歯周病は歯ぐきだけの病気?
2020年1月6日 (月)
「歯周病?あぁ、歯ぐきの病気ね。歯みがきすると血が出るけどちっとも痛くないよ。歯医者で治療した方がいいって?そんな大げさな。」
こんな方いませんか?歯周病を歯ぐきだけの病気だと思っているのは、大いなる誤解です。たしかに最初は歯ぐきが腫れるだけです。しかし進行すると歯を支える骨がなくなって、歯が抜けてしまいます。しかも相当悪くならないと痛みが出ません。だから逆に怖いのです。
歯みがき後、短時間で血が止まります。そのたびに治った気がするかもしれませんが、それも間違いです。炎症は治っていません。治っていないので、次の日も血が出る。毎日磨いているのになぜでしょう。
歯ブラシが届かない歯ぐきの溝の奥(歯周ポケット)までプラーク(細菌のかたまり)が入り込んでいるからです。
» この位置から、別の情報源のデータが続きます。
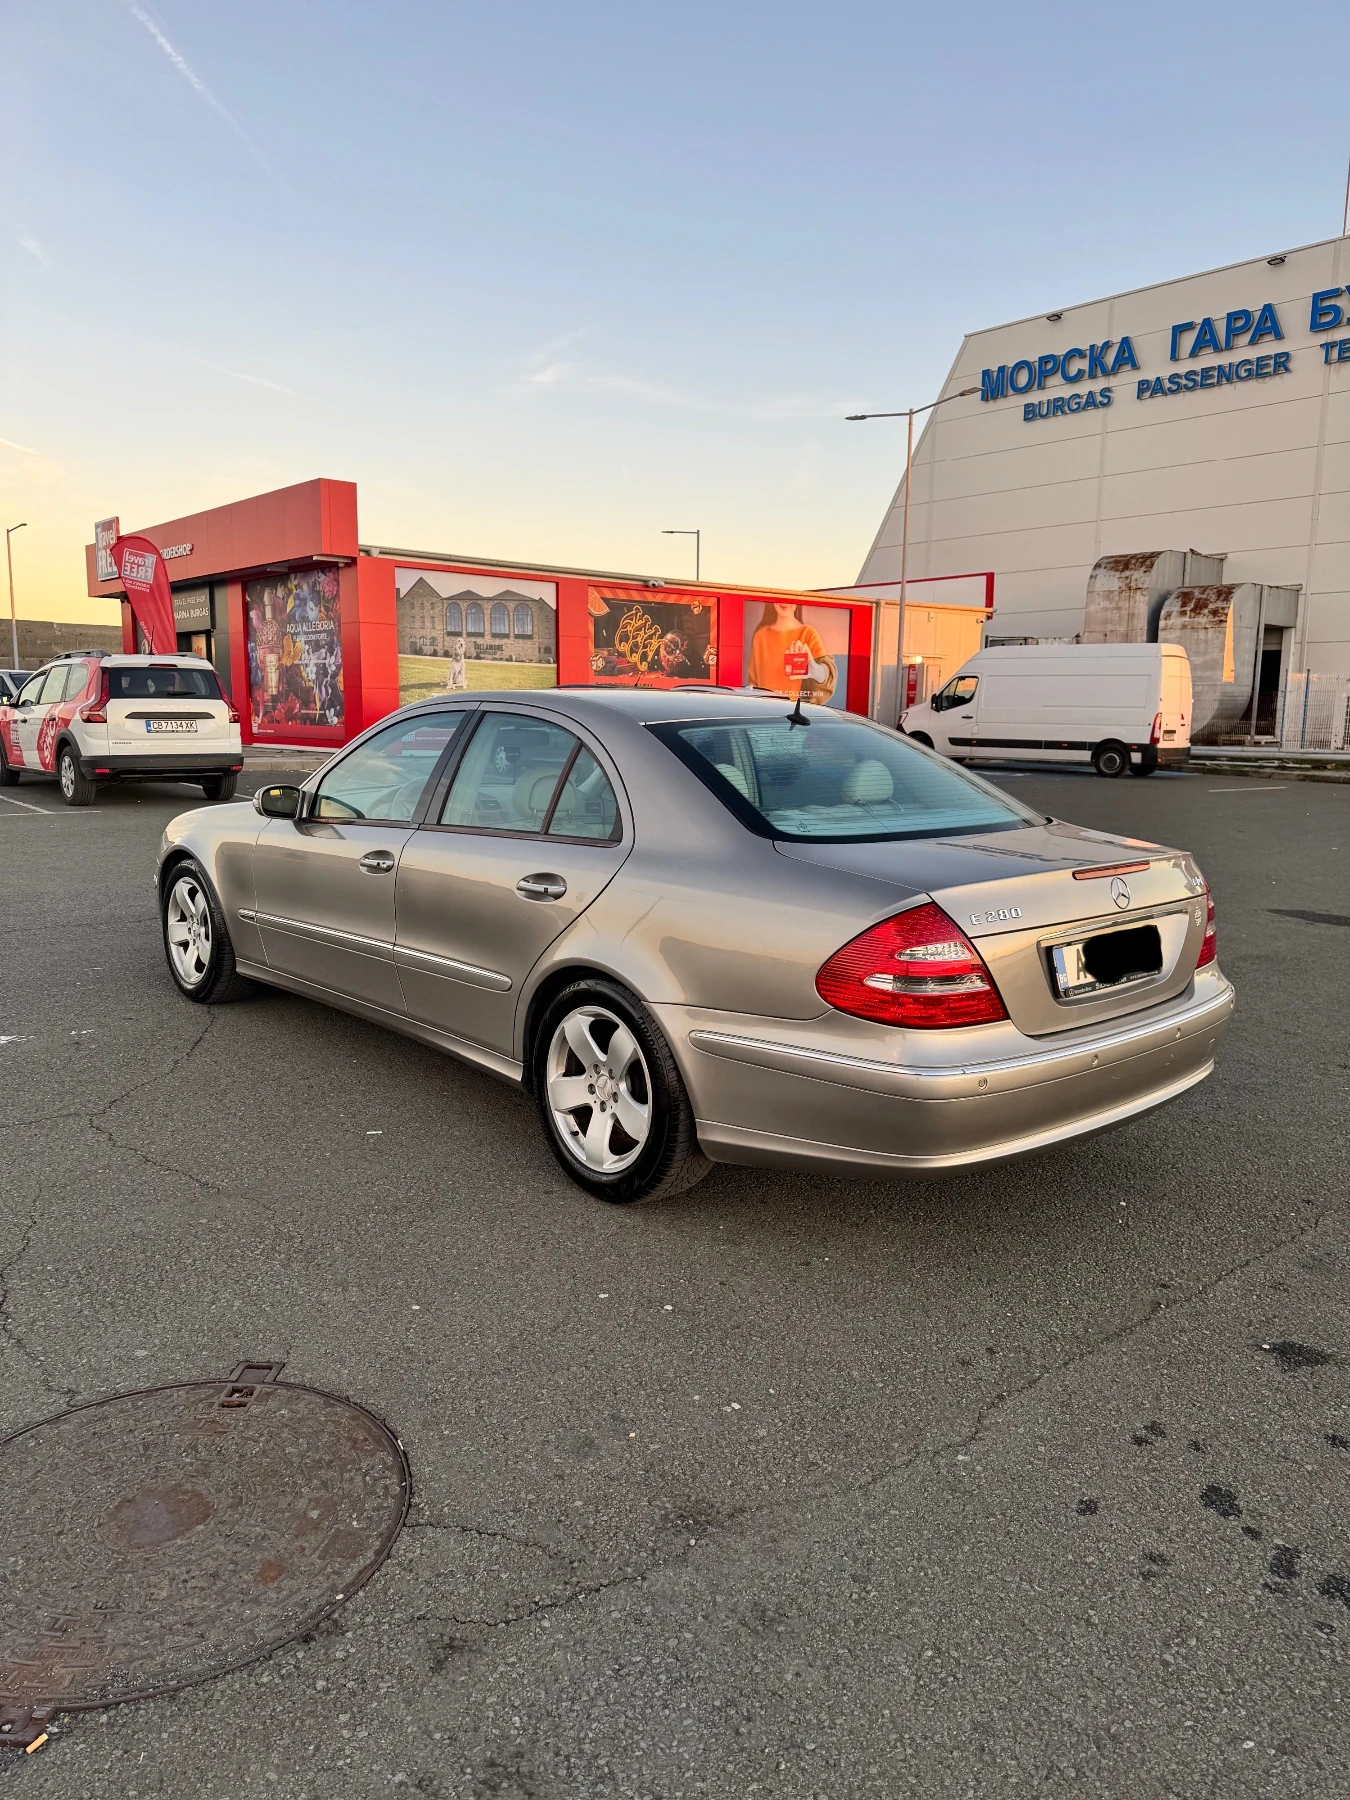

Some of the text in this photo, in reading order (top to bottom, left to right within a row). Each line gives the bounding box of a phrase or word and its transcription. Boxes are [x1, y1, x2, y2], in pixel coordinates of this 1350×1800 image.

[980, 336, 1140, 401] МОРСКА
[1169, 302, 1285, 361] ГАРА
[1023, 387, 1113, 422] BURGAS
[1136, 351, 1292, 400] PASSENGER
[96, 522, 116, 548] Travel
[190, 607, 209, 618] BURGAS
[286, 620, 334, 634] AQUA ALLEGORIA
[163, 721, 184, 730] 7134
[970, 907, 1022, 925] E 280
歯周病のごく初期、歯肉炎なら溝が浅いため汚れもたまりにくく、歯ブラシが届くかもしれません。しかし毎日血が出るような状態が続くと溝が深くなり、奥に歯石がガチガチに付いてそれにプラークが絡みつきます。こうなるとどうやったって自分で汚れを取り除くことはできません。
歯周ポケットの中の汚れがひどくならないように、毎日の歯みがきで口を清潔にすることはもちろん必須です。でも隠れたところも綺麗にしないといけません。
しつこいバイオフィルム(細菌とタンパクなどの膜)や歯石を歯医者で取ってもらいましょう。まさにボンドやコンクリートのようにくっついているのですから、プロにしかできない仕事です。
何年も歯石を取らずにいる人いませんか? 細菌がウヨウヨして炎症を起こしてしまいますよ。このまま放っておくと将来は入れ歯になってしまいます。日本では最低限の入れ歯なら保険でできますが、でもだからといって、入れ歯になってもいいやと思っているわけではないですよね?
周りの先輩方に聞いてみてください。入れ歯でどんなに不便な思いをしておられるか。悪くなってから歯医者に行けばなんとかなると勘違いするのは、そろそろやめなくちゃ行けませんよ。
また、近年、歯周病が糖尿病や誤嚥性肺炎、心臓病、早産などの原因となることがわかってきました。気道や血管を介して肺や心臓に入り込んだ歯周菌が肺炎や心疾患の原因となったり、歯周病によって誘導されたTNF-αなどの炎症性サイトカインが糖尿病や早産を誘発することが、多くの疫学調査や基礎研究から明らかになっています。
歯周病は全身の健康を脅かす病気です。悪くならないうちに定期的に歯科医院で診てもらいましょう。